**Exercise aim**
Where a picture appears, leave it out, and transcribe all the lines below exactly.

**Listed records**
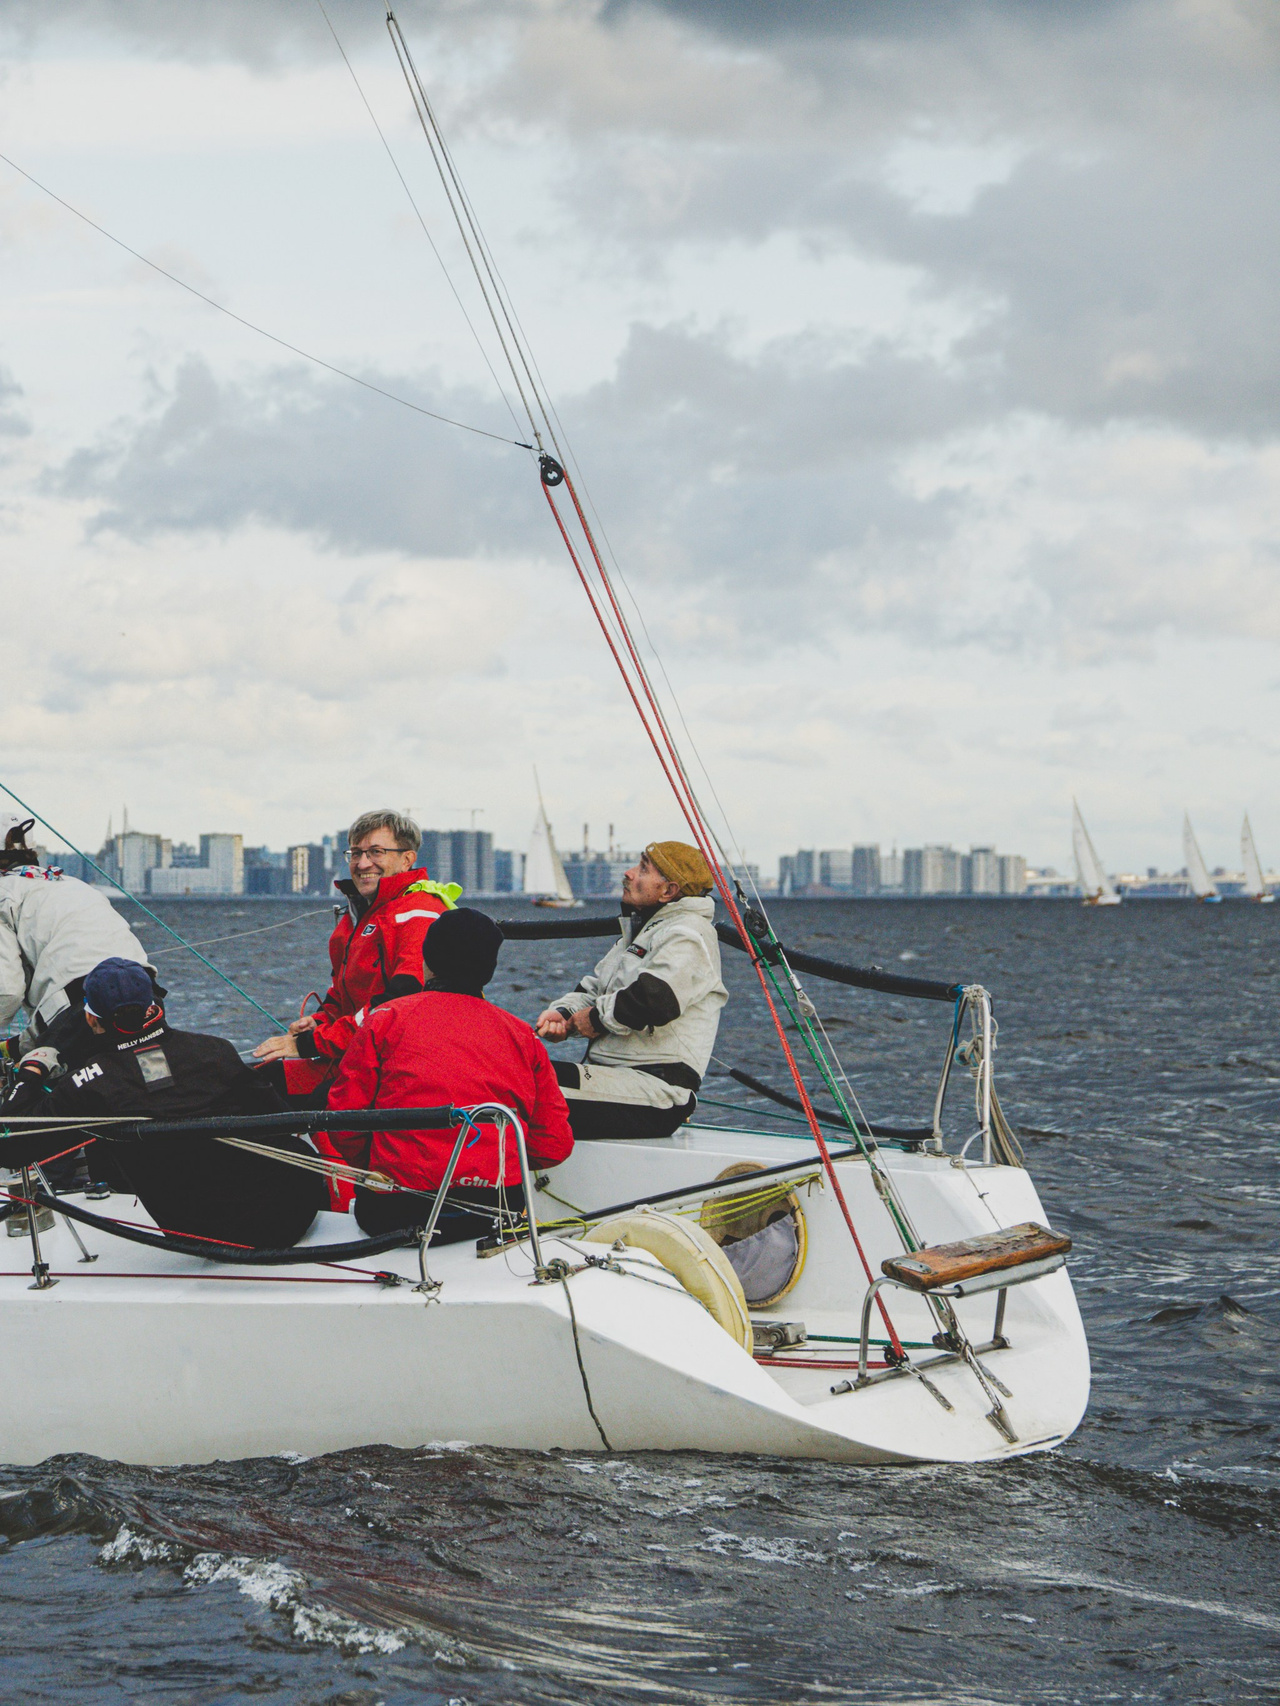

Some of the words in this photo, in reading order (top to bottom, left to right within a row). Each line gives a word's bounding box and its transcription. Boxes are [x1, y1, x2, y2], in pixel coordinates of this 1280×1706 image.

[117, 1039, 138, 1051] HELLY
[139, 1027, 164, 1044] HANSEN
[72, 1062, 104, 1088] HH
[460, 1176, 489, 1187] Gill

**Written response**
Some of the words in this photo, in reading order (top to bottom, left to right within a row). Each line gives a word's bounding box and its transcription. Boxes are [x1, y1, x2, y2], in pixel coordinates of this 1280×1706 image.

[117, 1039, 138, 1051] HELLY
[139, 1027, 164, 1044] HANSEN
[72, 1062, 104, 1088] HH
[460, 1176, 489, 1187] Gill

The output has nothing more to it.